* _The data_

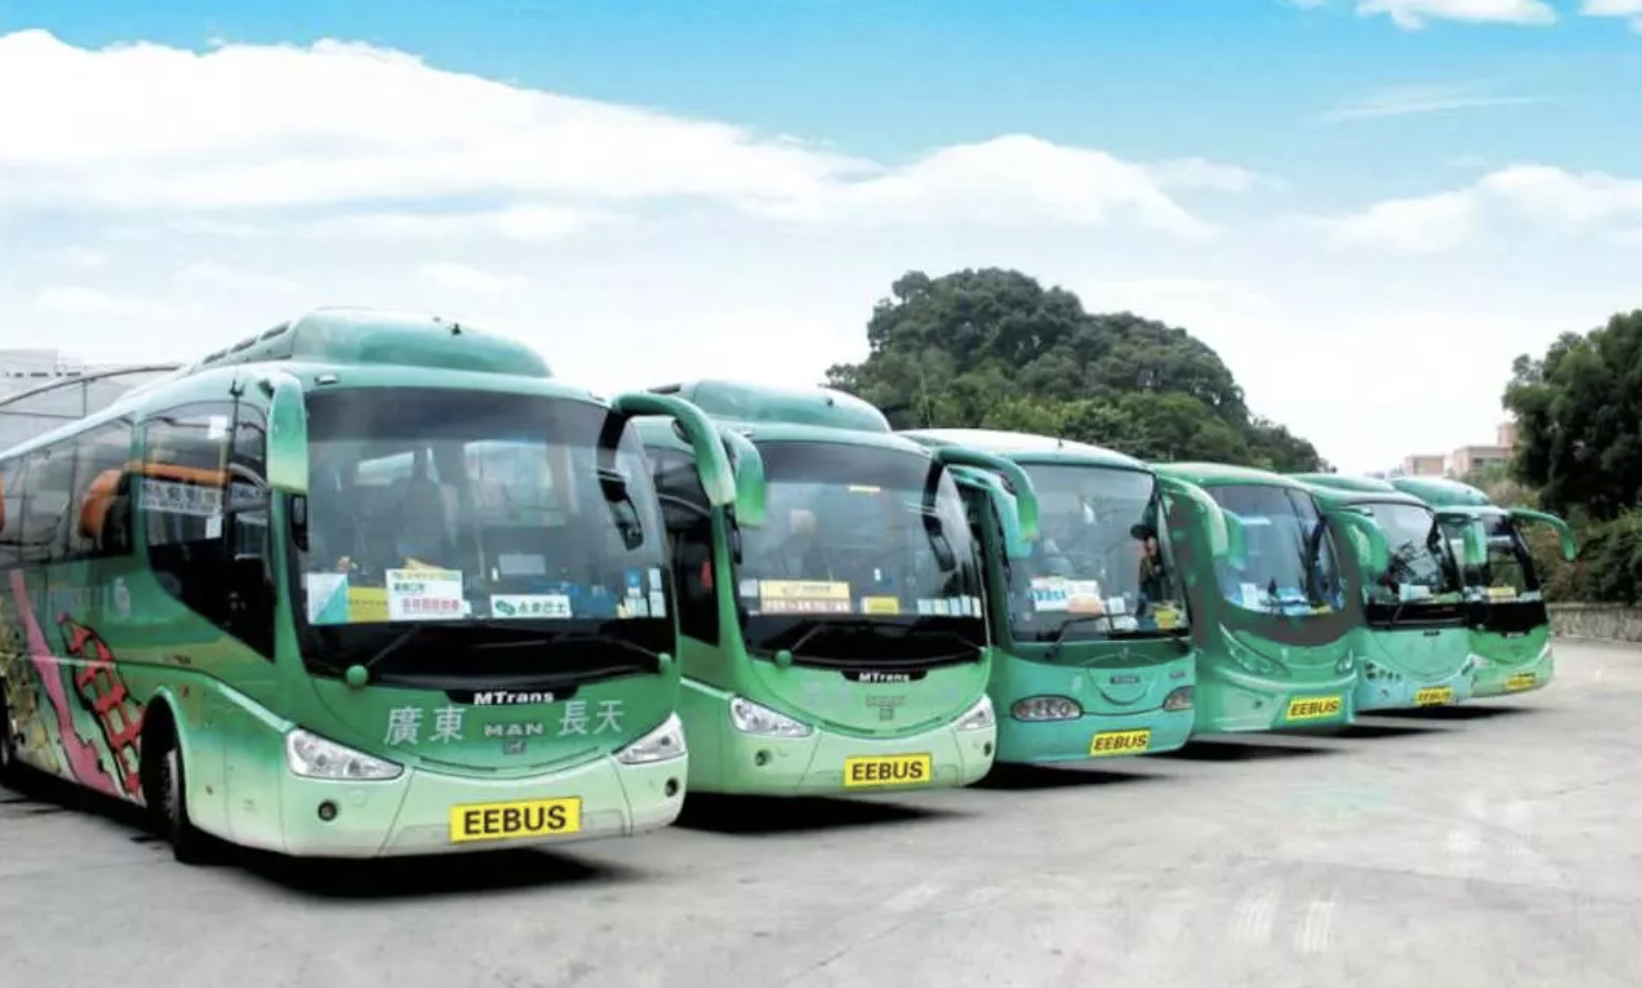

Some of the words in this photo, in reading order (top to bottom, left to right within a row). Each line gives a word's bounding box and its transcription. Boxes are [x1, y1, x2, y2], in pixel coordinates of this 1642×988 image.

[859, 672, 911, 683] MTrans
[474, 691, 554, 705] MTrans
[1290, 698, 1339, 716] EEBUS
[383, 705, 466, 745] 廣東
[557, 700, 626, 737] 長天
[483, 722, 544, 737] MAN
[1094, 734, 1147, 751] EEBUS
[852, 761, 923, 781] EEBUS
[464, 805, 567, 835] EEBUS
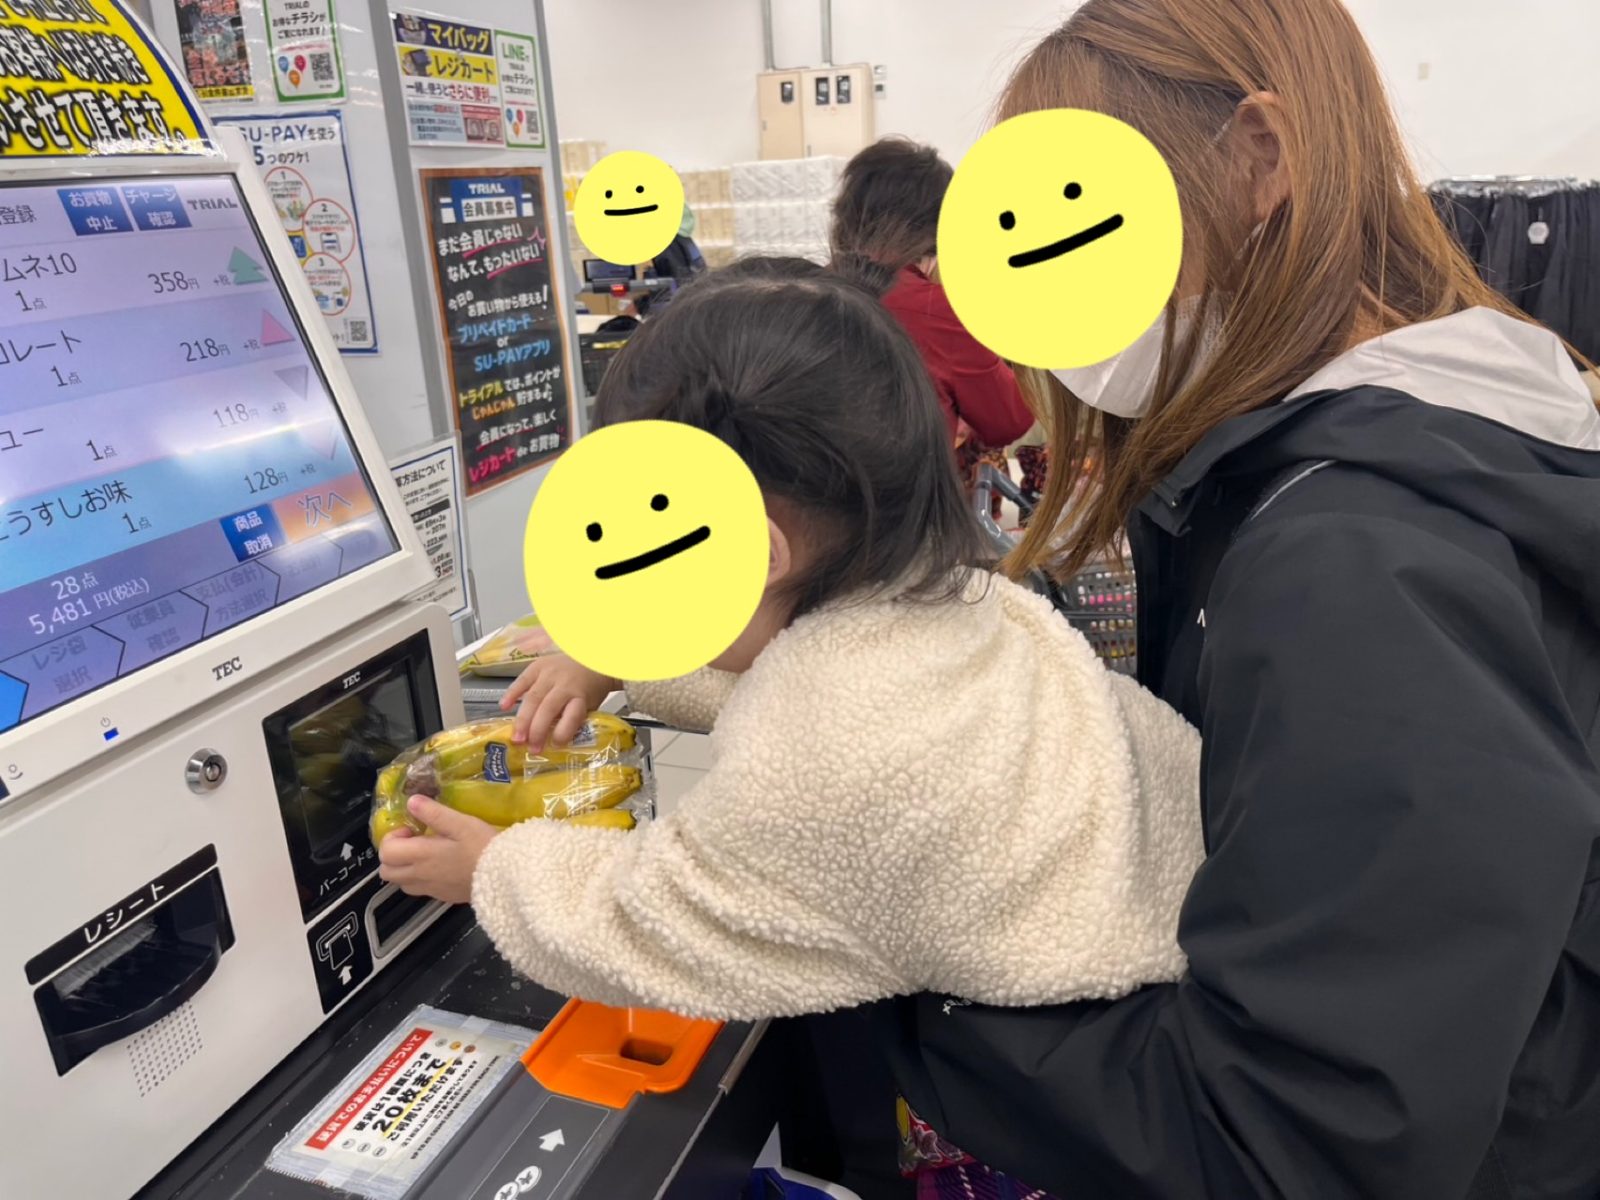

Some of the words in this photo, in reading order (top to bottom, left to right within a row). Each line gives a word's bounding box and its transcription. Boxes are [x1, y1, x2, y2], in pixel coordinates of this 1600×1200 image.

[427, 23, 489, 52] マイバッグ
[434, 55, 494, 82] レジカート
[68, 190, 113, 207] お買物
[125, 188, 177, 204] チャージ
[468, 183, 505, 194] TRIAL
[187, 198, 238, 210] TRIAL
[464, 200, 515, 217] 会員募集中
[86, 215, 118, 231] 中止
[146, 211, 176, 227] 確認
[438, 223, 523, 256] まだ会員じゃない
[3, 252, 77, 281] ムネ10
[447, 290, 474, 312] 今日の
[497, 335, 510, 348] or
[232, 510, 263, 533] 商品
[297, 492, 351, 529] 次へ
[243, 533, 273, 556] 取消
[212, 656, 243, 681] TEC
[342, 671, 361, 689] TEC
[84, 884, 164, 943] レシート
[316, 1034, 423, 1141] 硬貨でのお支払いについて
[372, 1058, 446, 1133] 20枚まで
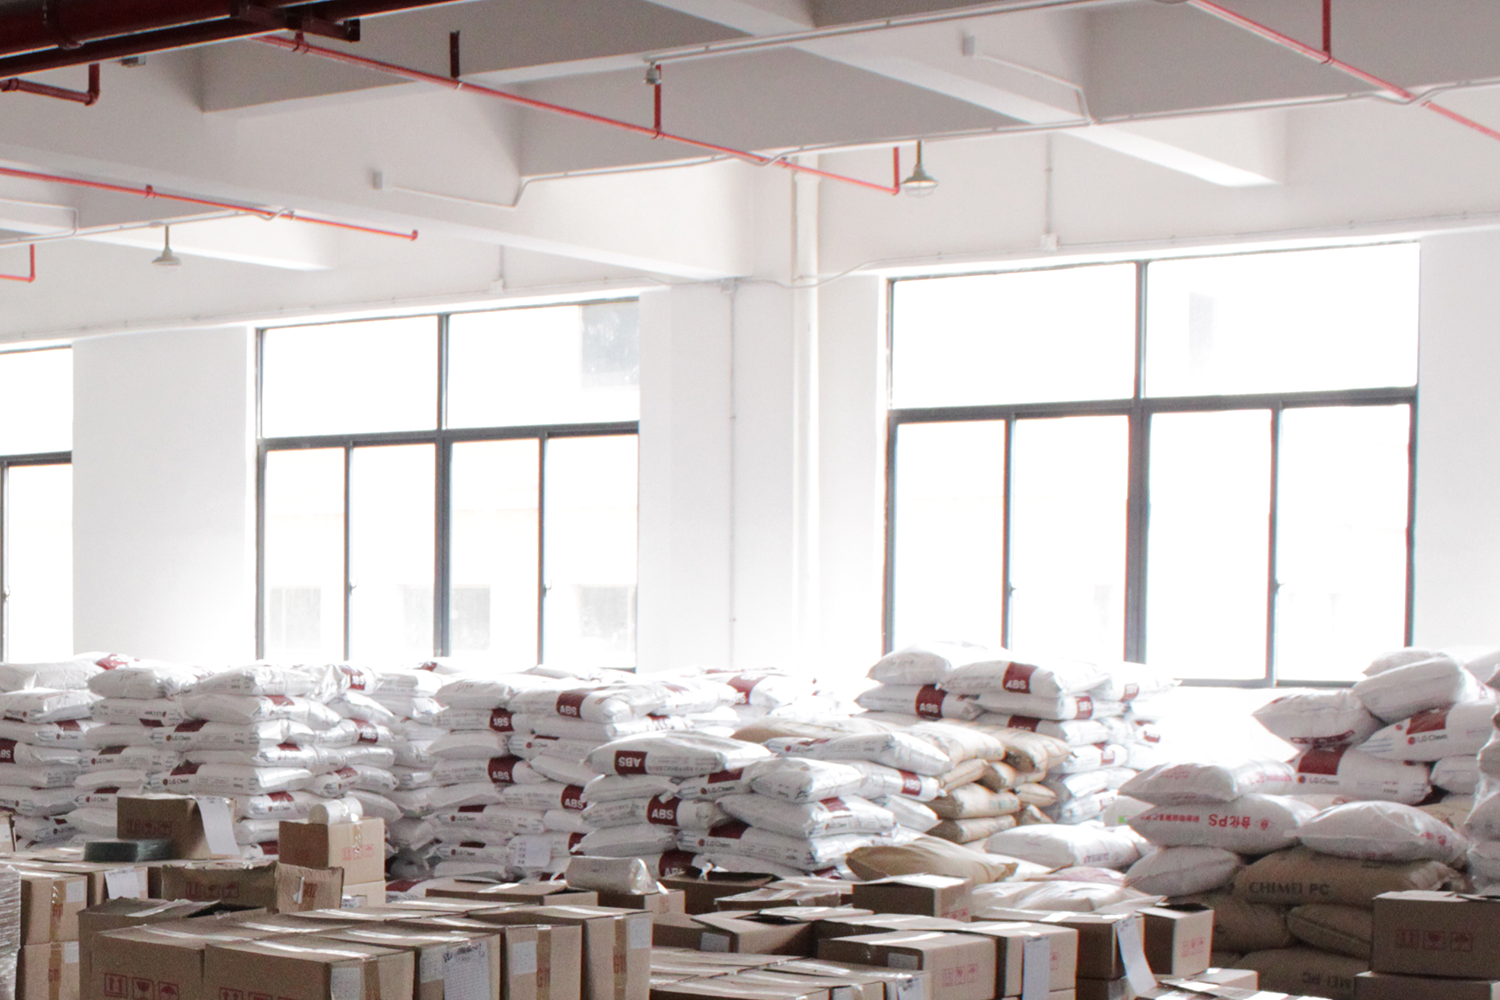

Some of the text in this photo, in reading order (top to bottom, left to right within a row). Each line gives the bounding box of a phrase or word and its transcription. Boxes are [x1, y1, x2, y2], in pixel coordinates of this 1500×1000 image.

[1006, 680, 1027, 690] ABS
[560, 705, 577, 715] ABS
[919, 703, 939, 713] ABS
[493, 718, 508, 727] ABS
[1417, 735, 1428, 743] LG
[618, 757, 642, 767] ABS
[492, 771, 509, 780] ABS
[565, 800, 583, 809] ABS
[652, 809, 674, 820] ABS
[1251, 882, 1329, 895] CHIMEI PC
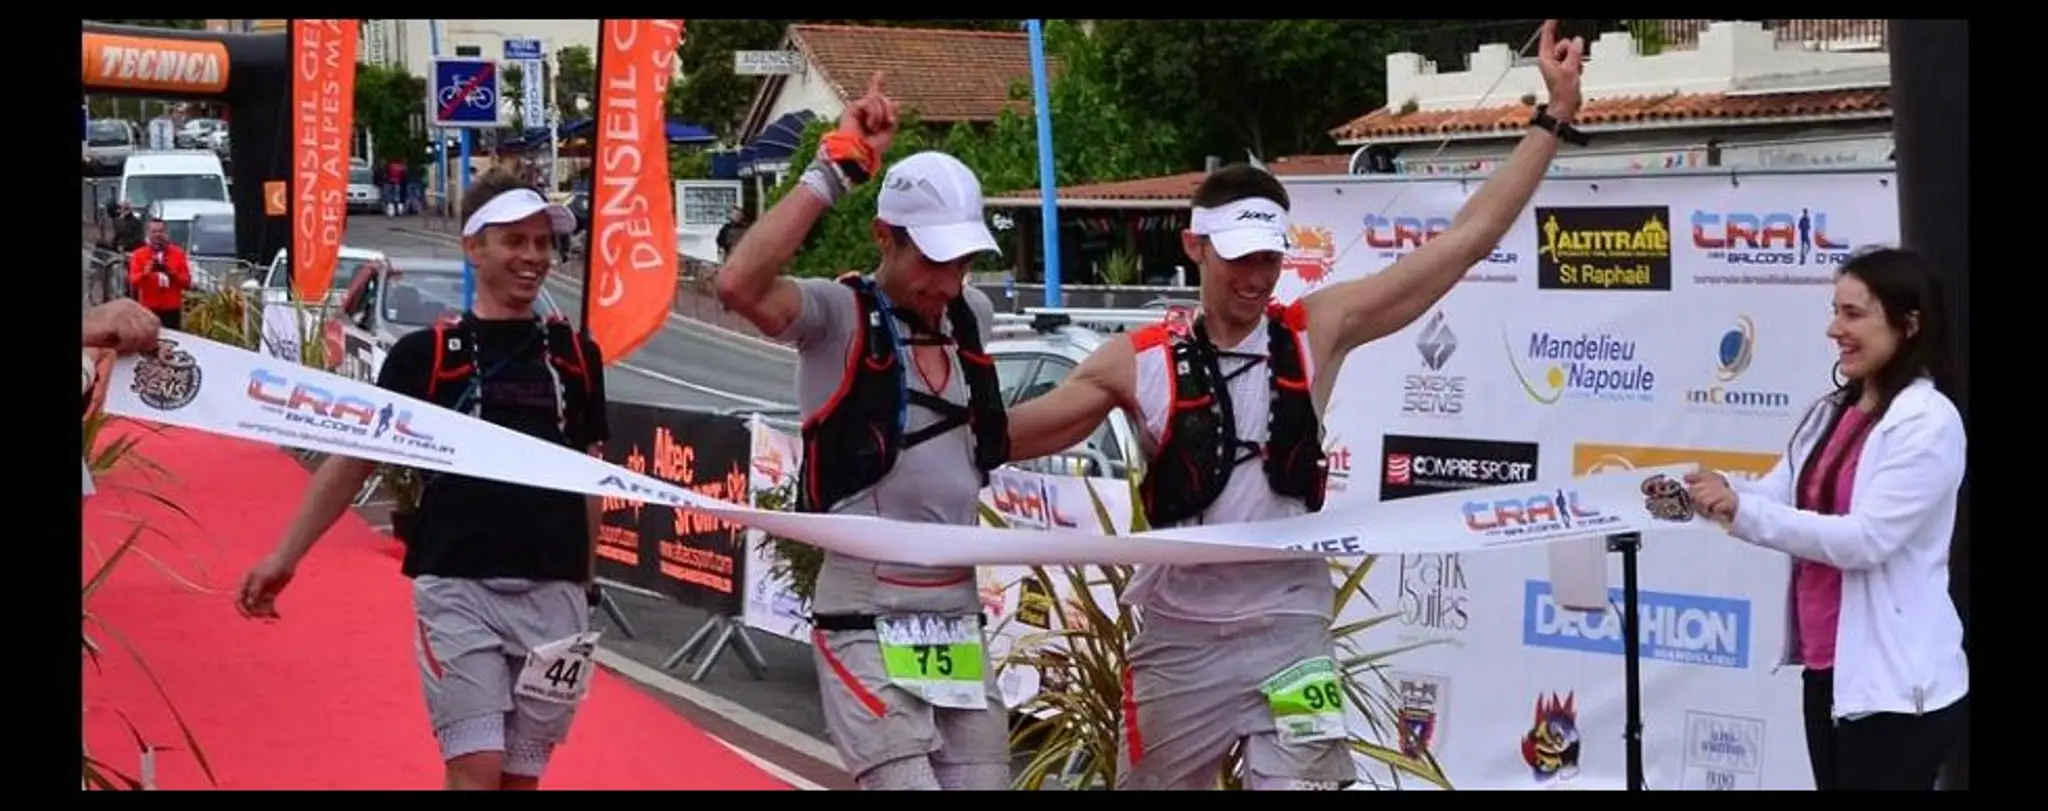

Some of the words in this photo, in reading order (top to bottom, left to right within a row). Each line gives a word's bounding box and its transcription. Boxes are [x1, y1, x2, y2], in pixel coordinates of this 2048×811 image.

[101, 44, 219, 84] TECNICA
[299, 96, 320, 268] CONSEIL
[597, 65, 642, 308] CONSEIL
[321, 192, 342, 246] DES
[626, 194, 665, 270] DES
[1558, 230, 1668, 250] ALTITRAIL
[1559, 264, 1578, 284] St
[1581, 264, 1650, 288] Raphaël
[1528, 332, 1635, 361] Mandelieu
[1567, 362, 1655, 394] Napoule
[1402, 392, 1463, 413] SENS
[544, 657, 581, 690] 44
[912, 645, 954, 676] 75
[1302, 681, 1342, 710] 96
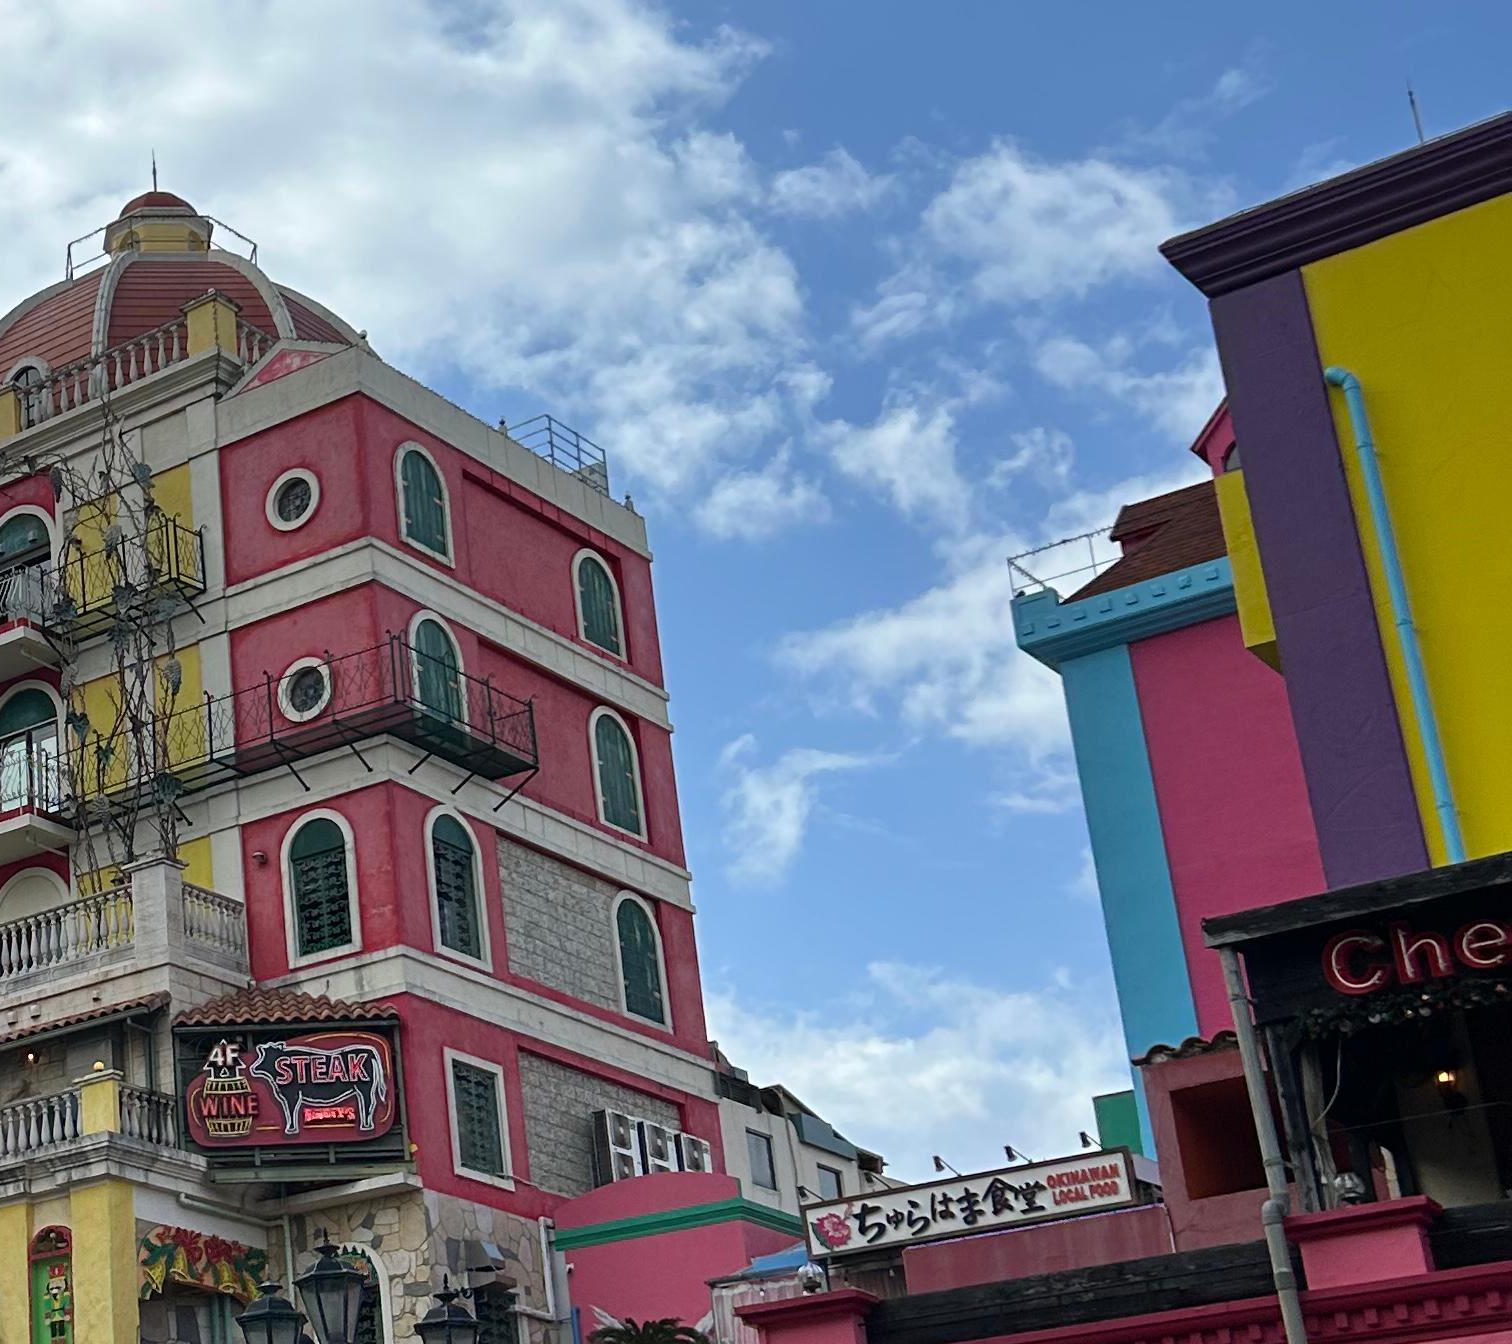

* _Prompt_
The range to copy runs from the line with "this 2048×811 image." to the last line of the entries, both included; copy it exactly and leave out the pictures.

* _Response_
Some of the words in this photo, in reading order (top to bottom, left to right within a row). Each line gives a word's bounding box and its transcription. Boxes are [x1, y1, x2, y2], in pixel coordinates of this 2048×811 image.

[101, 44, 219, 84] TECNICA
[299, 96, 320, 268] CONSEIL
[597, 65, 642, 308] CONSEIL
[321, 192, 342, 246] DES
[626, 194, 665, 270] DES
[1558, 230, 1668, 250] ALTITRAIL
[1559, 264, 1578, 284] St
[1581, 264, 1650, 288] Raphaël
[1528, 332, 1635, 361] Mandelieu
[1567, 362, 1655, 394] Napoule
[1402, 392, 1463, 413] SENS
[544, 657, 581, 690] 44
[912, 645, 954, 676] 75
[1302, 681, 1342, 710] 96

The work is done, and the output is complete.